A view of the inside of the silver dollar, which could be used to conceal secret messages or film.
Greying hair apparently is a side-effect of being a U.S. president and a CIA director. But Allen W. Dulles earned his over a long career – the longest a CIA director ever served. Dulles joined the Office of Strategic Services (OSS) during WWII, during which he directed intelligence operations from Switzerland. In 1951, he joined the newly created Central Intelligence Agency and became its director in 1953. He retired in 1961.
Introduced in 1941, the knife is named after its British designers, Captains W.E. Fairbairn and E.A. Sykes. Here pictured with its sheath (at left), the weapon was crafted to strike at the most vulnerable parts of an opponent’s body.
Walter Zapp, a Latvian engineer, developed a portable camera in 1937 that would fit easily into the palm of a hand and take high-quality pictures. Originally made from steel in Riga, it was considered a marvel of technology and became the world’s most widely used spy camera.
This Cold War-Era intrusion-detection system was designed to blend in with the terrain and could detect movement of people, animals or objects up to 300 meters away.
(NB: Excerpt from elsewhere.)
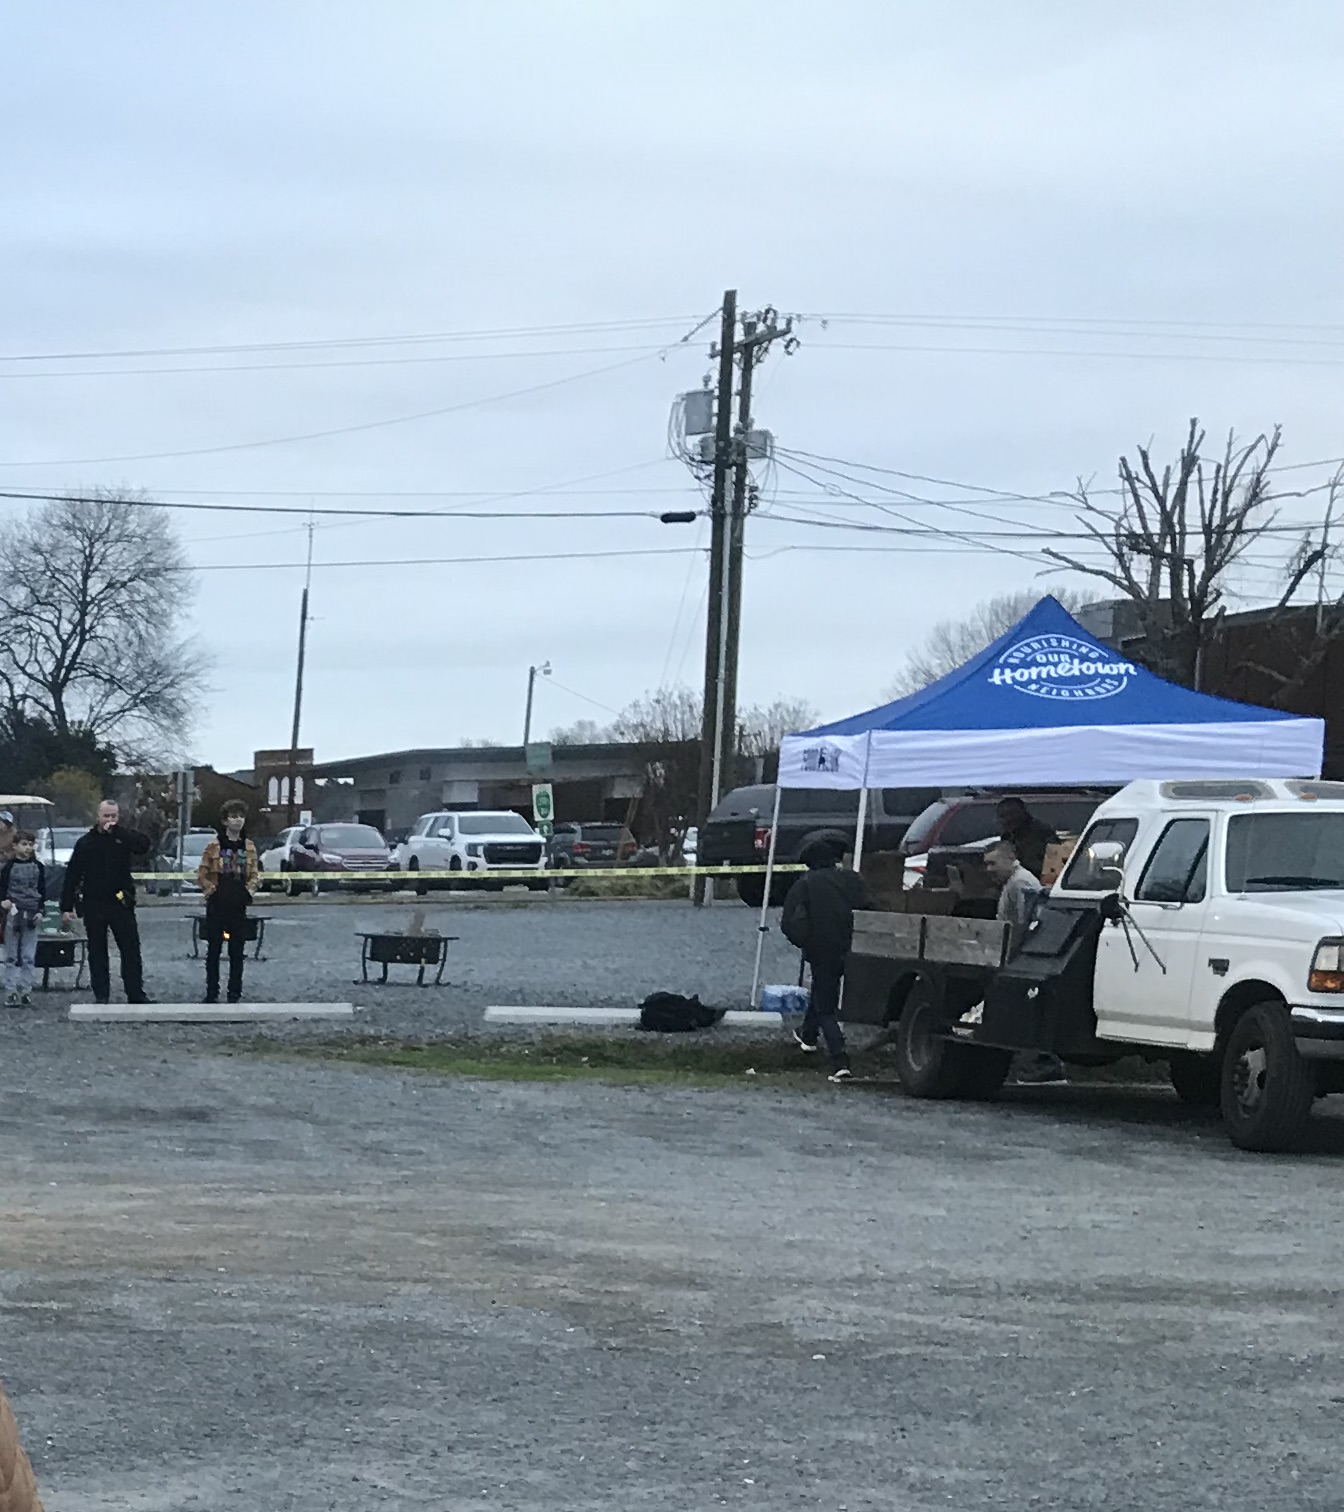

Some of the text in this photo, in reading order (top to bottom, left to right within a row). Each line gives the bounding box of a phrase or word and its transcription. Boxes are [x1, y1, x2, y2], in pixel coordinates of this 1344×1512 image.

[1007, 637, 1100, 664] NOURISHING
[1035, 653, 1071, 663] OUR
[987, 658, 1138, 686] Hometown
The device operated on tiny power cells and had a built-in antenna. Its transmitter would relay data from the device by means of coded pulses.
No matter how the caltrop tire spike was tossed on a roadway or airport runway, it would land with a tire-puncturing prong facing upward.
A miniature 35mm film camera manufactured in Switzerland was concealed in this modified tobacco pouch. A spring-wound mechanism advanced the film between exposures.